Publication year - 2008
Publication title -
proteomics
Language(s) - English
Resource type - Journals
SCImago Journal Rank - 1.26
H-Index - 167
eISSN - 1615-9861
pISSN - 1615-9853
DOI - 10.1002/pmic.200700694
Subject(s) - computer science , quantitative proteomics , matching (statistics) , software , set (abstract data type) , data mining , resolution (logic) , label free quantification , proteomics , chromatography , chemistry , artificial intelligence , mathematics , statistics , biochemistry , gene , programming language
Quantitative proteomics approaches using stable isotopes are well‐known and used in many labs nowadays. More recently, high resolution quantitative approaches are reported that rely on LC‐MS quantitation of peptide concentrations by comparing peak intensities between multiple runs obtained by continuous detection in MS mode.

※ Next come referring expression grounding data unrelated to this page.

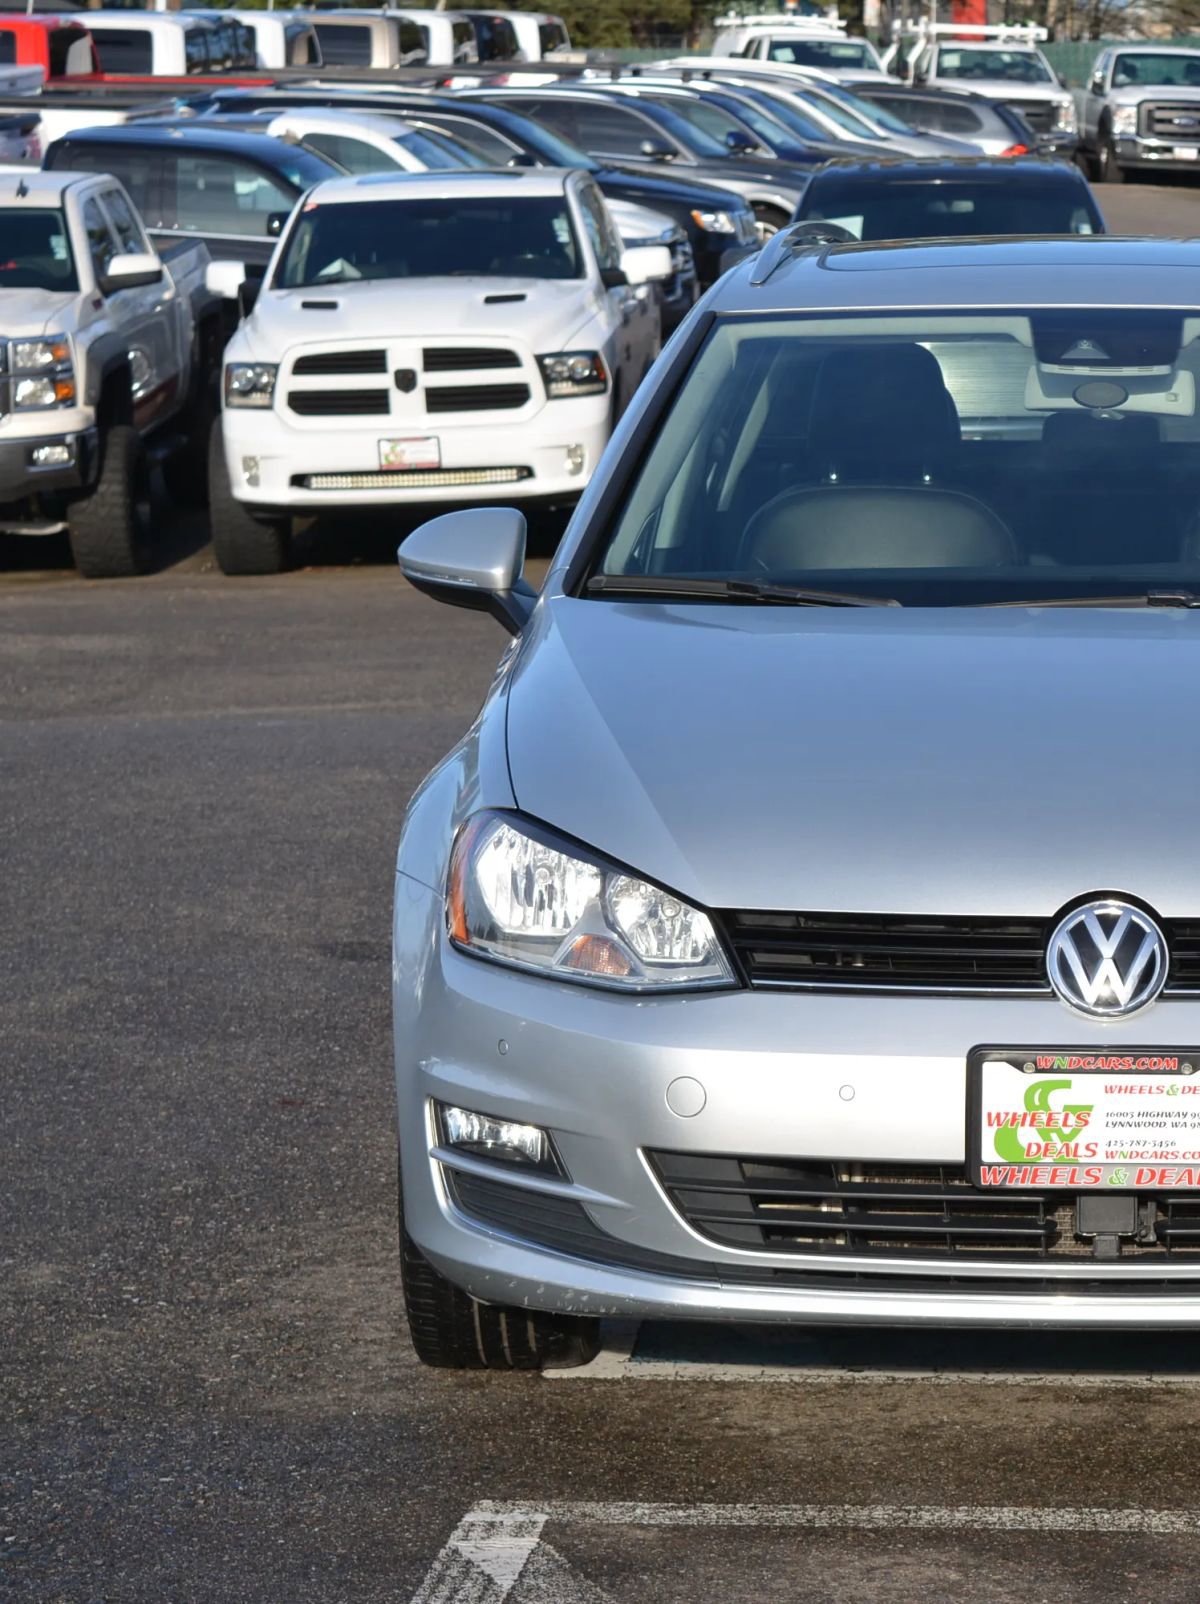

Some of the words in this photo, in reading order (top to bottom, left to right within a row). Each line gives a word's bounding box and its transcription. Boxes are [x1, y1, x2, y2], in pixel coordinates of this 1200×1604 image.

[1036, 1055, 1178, 1071] WNDCARS.COM
[986, 1111, 1092, 1128] WHEELS
[1137, 1111, 1188, 1119] HIGHWAY
[1024, 1142, 1099, 1159] DEALS
[980, 1166, 1104, 1185] WHEELS
[1108, 1167, 1128, 1186] &

Characteristic of these comparative LC‐MS procedures is that they do not rely on the use of stable isotopes; therefore the procedure is often referred to as label‐free LC‐MS. In order to compare at comprehensive scale peak intensity data in multiple LC‐MS datasets, dedicated software is required for detection, matching and alignment of peaks. The high accuracy in quantitative determination of peptide abundancies provides an impressive level of detail. This approach also requires an experimental set‐up where quantitative aspects of protein extraction and reproducible separation conditions need to be well controlled. In this paper we will provide insight in the critical parameters that affect the quality of the results and list an overview of the most recent software packages that are available for this procedure.